完成品ではなく、製品に使うネジや接着剤、部材や材料等のメーカーを探す時はこの「工場品牌」を目印にすると外れが少なくなると思います。
工場品牌は1688内のトップページ以外に工業品牌独自のサイトがあるので、1688で検索しても出てきますし、工業品牌で検索しても出てきます。
ですので仕入れ先を探す際にも、部品を探す時は工業品牌で探すのが便利ですよ。
会員ランクで選ぶ時のまとめ
・実力商家(工場品牌)・誠信通・無料会員のランクで規模を判断
・実力商家(誠信通)基準に達している店舗かどうか
②取引額を確認する
1688のサプライヤーレベルというのを見ることで店舗の取引金額が分かります。これを見るとその店舗が月間どの程度売上があるか分かりますので購入の際の指標になるかと思います。

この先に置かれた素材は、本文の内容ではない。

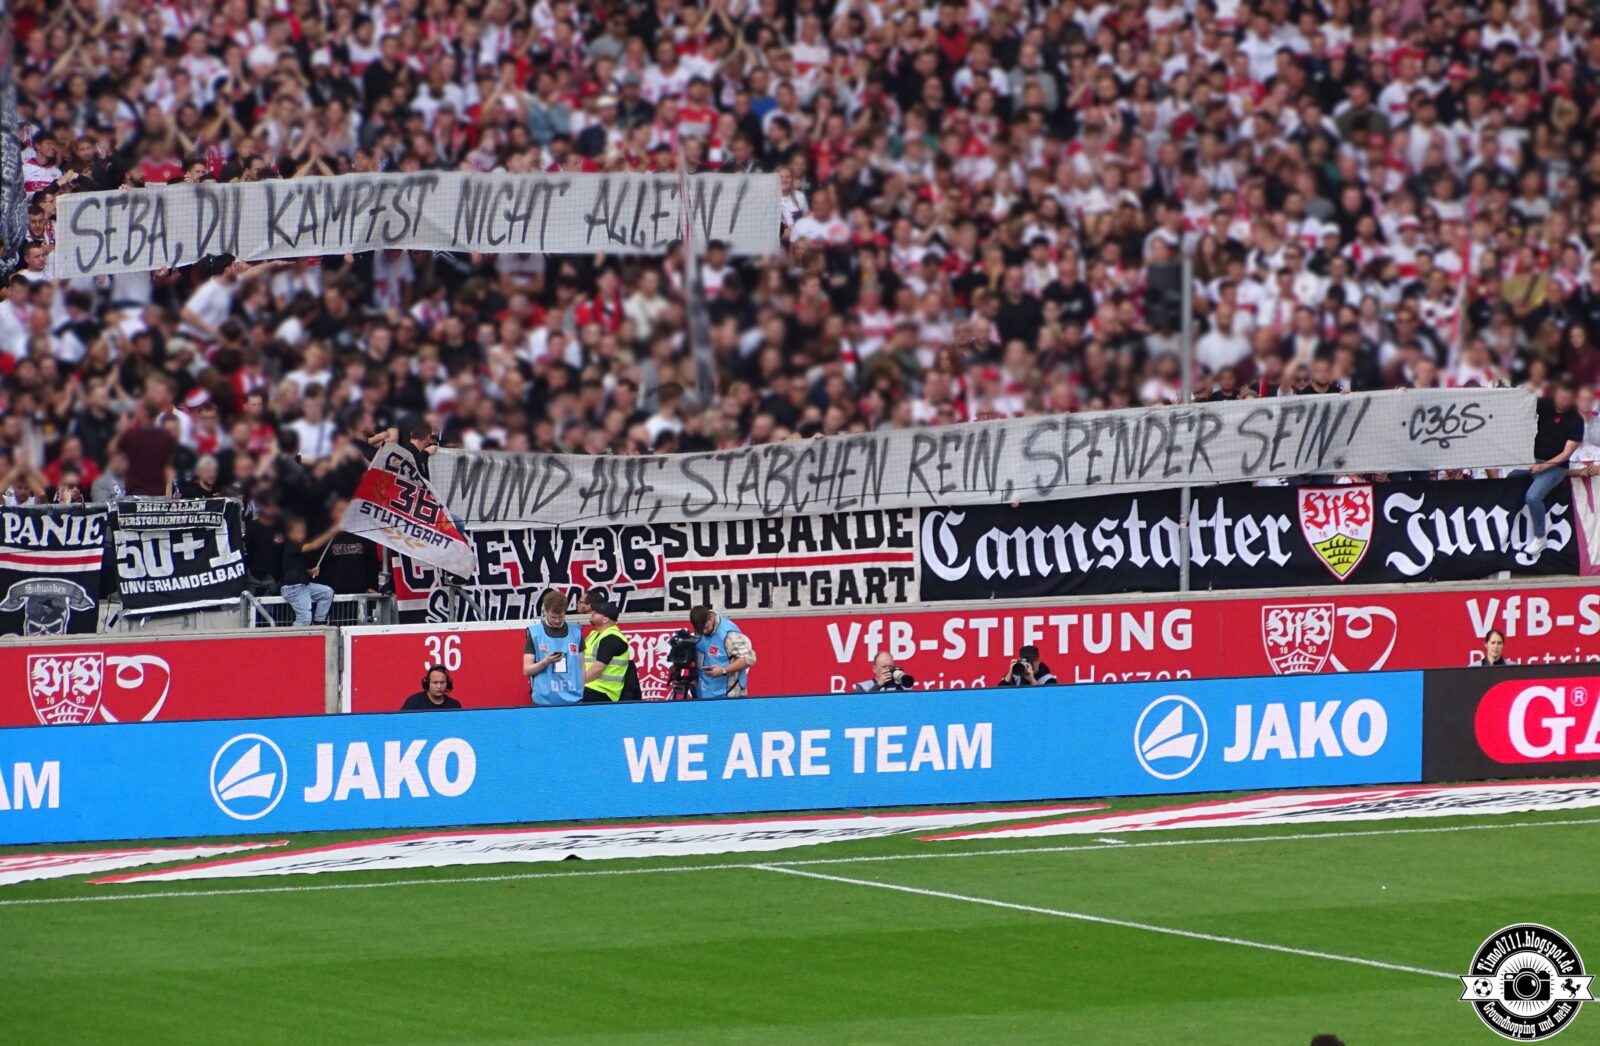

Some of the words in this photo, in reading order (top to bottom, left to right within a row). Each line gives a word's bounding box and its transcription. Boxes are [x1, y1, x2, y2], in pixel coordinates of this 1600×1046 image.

[71, 194, 184, 274] SEBA,
[194, 184, 241, 256] DU
[264, 174, 439, 250] KÄMPFST
[451, 177, 571, 250] NICHT
[446, 454, 573, 525] MUND
[578, 456, 668, 523] AUF,
[906, 424, 1014, 504] REIN,
[1022, 411, 1222, 496] SPENDER
[1237, 396, 1372, 475] SEIN!
[169, 500, 207, 512] ALLEN
[359, 501, 454, 549] STUTTGART
[390, 478, 440, 524] 36
[113, 518, 243, 579] 50+1
[921, 496, 1293, 582] Cannstatter
[1382, 491, 1573, 577] Jungs
[120, 562, 246, 595] UNVERHANDELBAR
[668, 566, 915, 612] STUTTGART
[424, 634, 462, 672] 36
[826, 608, 1193, 664] VfB-STIFTUNG
[623, 734, 709, 783] WE
[722, 728, 831, 780] ARE
[844, 721, 993, 774] TEAM
[1224, 698, 1388, 762] JAKO
[304, 737, 477, 803] JAKO
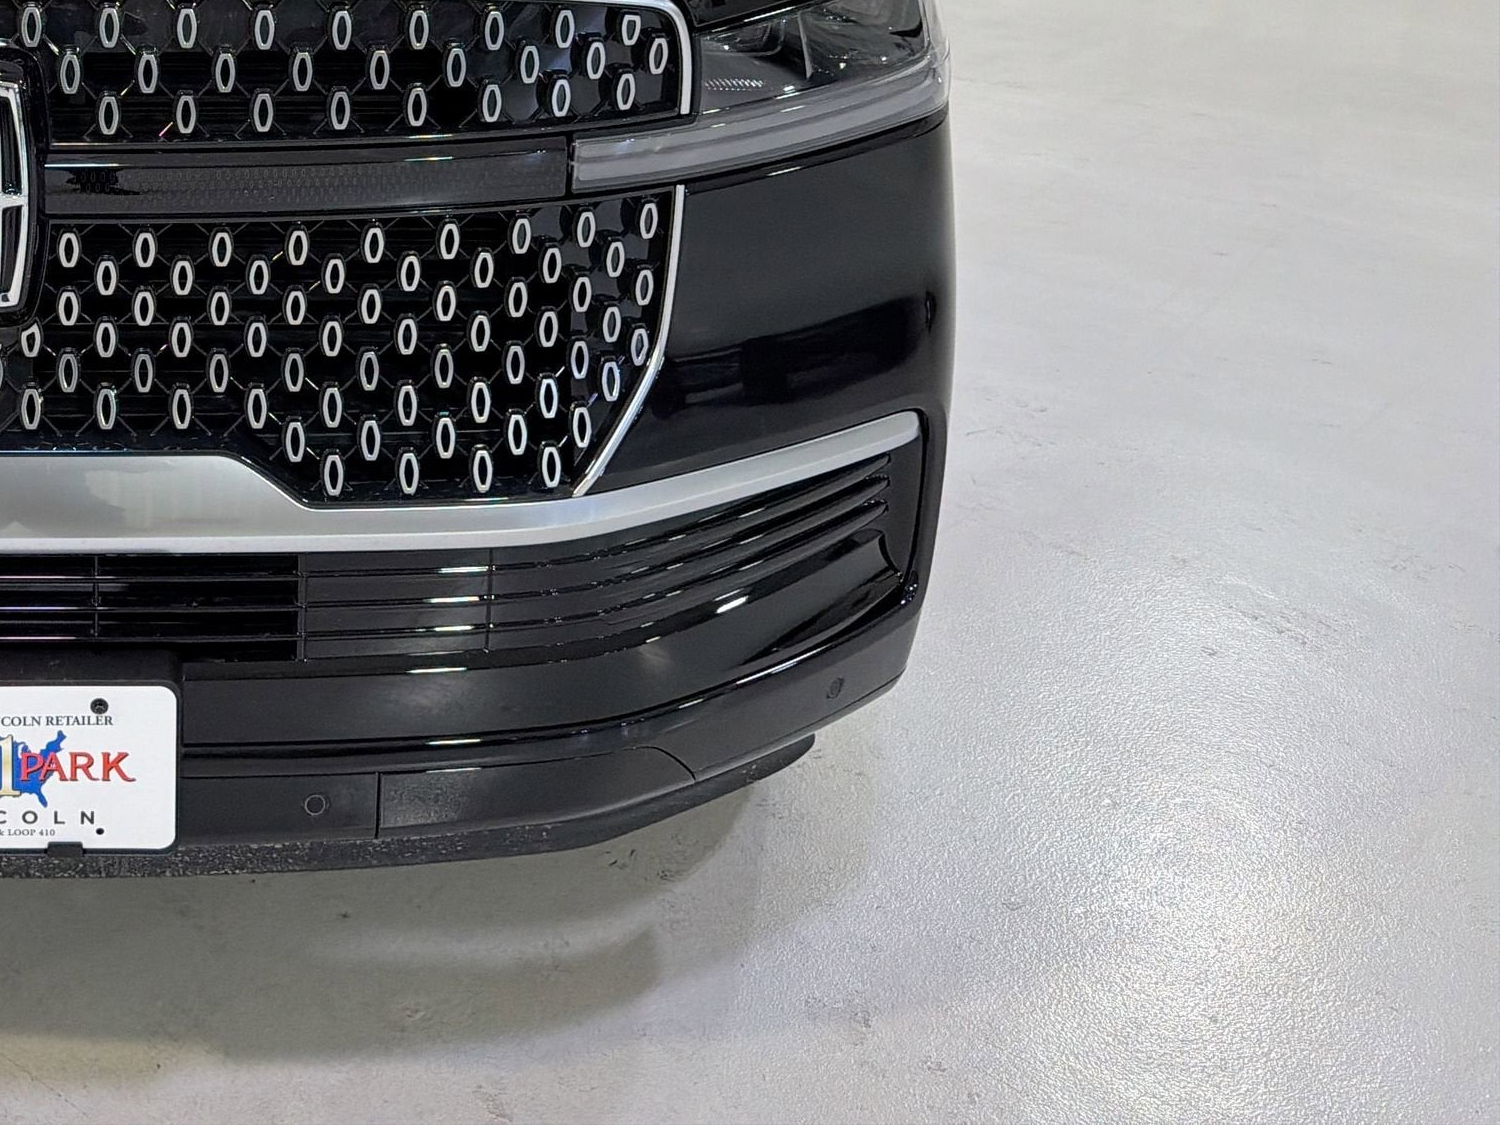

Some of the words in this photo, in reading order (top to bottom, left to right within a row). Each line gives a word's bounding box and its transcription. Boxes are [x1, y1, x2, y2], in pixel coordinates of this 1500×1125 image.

[45, 714, 114, 727] RETAILER
[19, 750, 137, 783] PARK
[7, 828, 37, 837] LOOP
[38, 827, 56, 837] 410

取引額が増えるにつれて表示されるマークも変化していきます。
マークでみるのはこの2つの部分
交易勋章と供应等级のマークを確認しましょう。
簡単に説明すると
①供应等级は店舗の累計売上額
②交易勋章は最近30日の売上額
が分かります
※実力商家は交易勋章マーク出ません
①供应等级の見方
供应等级マークは累計取引額が大きい方から順に
王冠マーク
ダイヤモンドマーク
星マーク
とランクが上がっていきます
例えばダイヤモンドが3つついている店舗だと、月間の取引金額が50万元(約800万円)~120万元(1900万円)あるということになります。
店舗運営実績が長いにもかかわらず極端に売上規模が少ないような店舗は避けた方が無難かと思います。
②交易勋章の見方
交易勋章マークは下図のようにA の数で表示されます。
30日の取引金額は以下の通り分かります
A1個‥‥1万元以下
A2個‥‥1万~10万元
A3個‥‥10万~30万元
A4個‥‥30万~100万元
A5個‥‥100万元以上
30日間の売上がどの程度あるかでその店舗の規模が分かります。誠マークのメーカーで比較する際にこのマークで売上規模比較するのが良いでしょう。
取引額で選ぶ時のまとめ
・供应等级マークで累計売上を把握する。星、ダイヤ、王冠マークで累計取引規模が分かるので、取引額が多い方が安心感がある。
・交易勋章で30日の売上を把握する。Aマークが多い方が売上規模が多く人気店舗と分かる。
③工場詳細情報を確認する
1688では実力商家の店舗情報であれば詳細情報がかなり細かく掲載されています。また工場内の写真や過去裁判履歴や商標の件数等も載っていますのでこの部分はしっかりと確認しておいた方がいいでしょう。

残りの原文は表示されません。